● Work required: Every entry should be copied exactly, with nothing added or dropped.

*** Opening Records to process ***

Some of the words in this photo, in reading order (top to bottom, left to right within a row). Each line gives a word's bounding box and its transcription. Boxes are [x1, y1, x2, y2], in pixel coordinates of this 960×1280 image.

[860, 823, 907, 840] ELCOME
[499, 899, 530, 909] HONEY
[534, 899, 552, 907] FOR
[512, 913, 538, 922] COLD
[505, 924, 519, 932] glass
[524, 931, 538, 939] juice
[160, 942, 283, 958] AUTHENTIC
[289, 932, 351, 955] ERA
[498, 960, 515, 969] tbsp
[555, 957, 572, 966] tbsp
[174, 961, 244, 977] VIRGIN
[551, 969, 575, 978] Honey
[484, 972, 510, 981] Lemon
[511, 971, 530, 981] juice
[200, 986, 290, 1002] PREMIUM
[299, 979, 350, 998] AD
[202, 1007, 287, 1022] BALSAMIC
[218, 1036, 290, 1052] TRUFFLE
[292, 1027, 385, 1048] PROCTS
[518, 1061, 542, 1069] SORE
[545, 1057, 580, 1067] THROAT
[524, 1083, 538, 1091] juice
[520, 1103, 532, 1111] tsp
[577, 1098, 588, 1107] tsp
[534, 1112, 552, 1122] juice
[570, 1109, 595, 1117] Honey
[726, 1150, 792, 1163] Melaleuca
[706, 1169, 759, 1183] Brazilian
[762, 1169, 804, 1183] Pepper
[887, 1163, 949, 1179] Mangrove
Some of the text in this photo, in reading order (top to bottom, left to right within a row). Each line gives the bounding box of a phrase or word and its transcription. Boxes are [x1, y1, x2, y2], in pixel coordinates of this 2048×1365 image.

*** Closing Records to process ***

● Response area:
Some of the words in this photo, in reading order (top to bottom, left to right within a row). Each line gives a word's bounding box and its transcription. Boxes are [x1, y1, x2, y2], in pixel coordinates of this 960×1280 image.

[860, 823, 907, 840] ELCOME
[499, 899, 530, 909] HONEY
[534, 899, 552, 907] FOR
[512, 913, 538, 922] COLD
[505, 924, 519, 932] glass
[524, 931, 538, 939] juice
[160, 942, 283, 958] AUTHENTIC
[289, 932, 351, 955] ERA
[498, 960, 515, 969] tbsp
[555, 957, 572, 966] tbsp
[174, 961, 244, 977] VIRGIN
[551, 969, 575, 978] Honey
[484, 972, 510, 981] Lemon
[511, 971, 530, 981] juice
[200, 986, 290, 1002] PREMIUM
[299, 979, 350, 998] AD
[202, 1007, 287, 1022] BALSAMIC
[218, 1036, 290, 1052] TRUFFLE
[292, 1027, 385, 1048] PROCTS
[518, 1061, 542, 1069] SORE
[545, 1057, 580, 1067] THROAT
[524, 1083, 538, 1091] juice
[520, 1103, 532, 1111] tsp
[577, 1098, 588, 1107] tsp
[534, 1112, 552, 1122] juice
[570, 1109, 595, 1117] Honey
[726, 1150, 792, 1163] Melaleuca
[706, 1169, 759, 1183] Brazilian
[762, 1169, 804, 1183] Pepper
[887, 1163, 949, 1179] Mangrove
Some of the text in this photo, in reading order (top to bottom, left to right within a row). Each line gives the bounding box of a phrase or word and its transcription. Boxes are [x1, y1, x2, y2], in pixel coordinates of this 2048×1365 image.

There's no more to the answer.